Fig. 3: The interaction between UBAP2L and G3BP1 is required for SG assembly.

a List of proteins identified by mass spectrometry analysis. b 293T cells were transfected with FLAG-UBAP2L together with GFP-G3BP1 or GFP-FXR2. After 24 h, the cells were lysed and immunoprecipitated with an anti-FLAG antibody. The immunoprecipitates were immunoblotted for GFP and FLAG. c HeLa cells were lysed and immunoprecipitated with either anti-rabbit IgG or anti-UBAP2L antibodies.

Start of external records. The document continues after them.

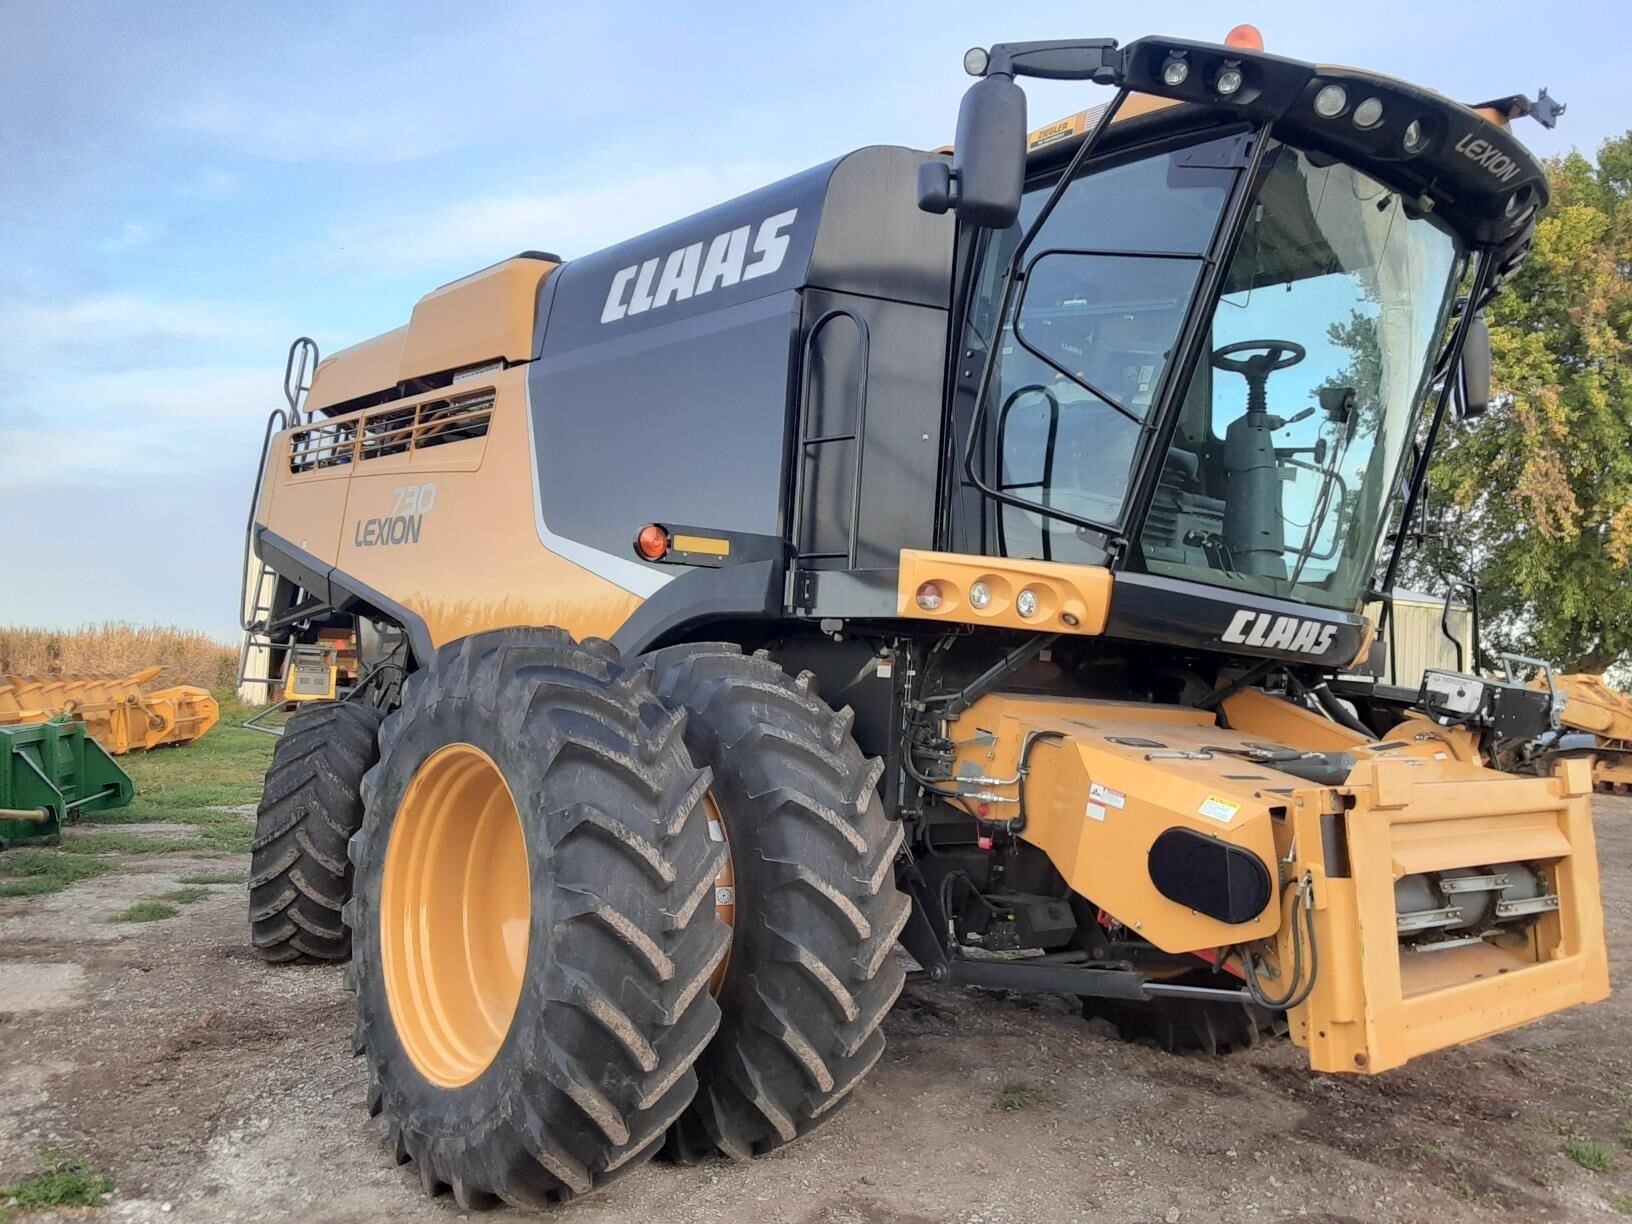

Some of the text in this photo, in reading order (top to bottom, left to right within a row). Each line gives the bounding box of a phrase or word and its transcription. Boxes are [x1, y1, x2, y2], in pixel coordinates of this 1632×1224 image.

[1038, 122, 1069, 139] ZIEGLER
[1455, 132, 1521, 183] LEXION
[600, 208, 799, 324] CLAAS
[392, 483, 436, 515] 730
[355, 514, 423, 547] LEXION
[1221, 609, 1338, 655] CLAAS

The immunoprecipitates were blotted with anti-UBAP2L, anti-G3BP1 or anti-FXR2 antibodies. d Schematic representation of UBAP2L deletion constructs (N.D. (not detected)). e HeLa cells that constitutively expressed each construct were treated with 0.5 mM arsenite for 30 min and immunostained for TIAR and FLAG (scale bar = 10 μm). f HeLa cells that constitutively expressed each siRNA resistant cDNA were depleted of endogenous UBAP2L by UBAP2L siRNA #2. The cells were lysed and immunoblotted with anti-FLAG and anti-UBAP2L antibodies. g Cells that constitutively expressed each constructs were depleted of UBAP2L by siRNA and immunostained for FLAG and G3BP1 (scale bar = 10 μm). h The number of G3BP1-positive SGs per cell is presented in the graphs (n = 3 (total cells = 15), **P < 0.01, *P < 0.05). i The number of TIAR-positive SGs per cell is presented in the graphs (n = 3 (total cells = 15), **P < 0.01, *P < 0.05).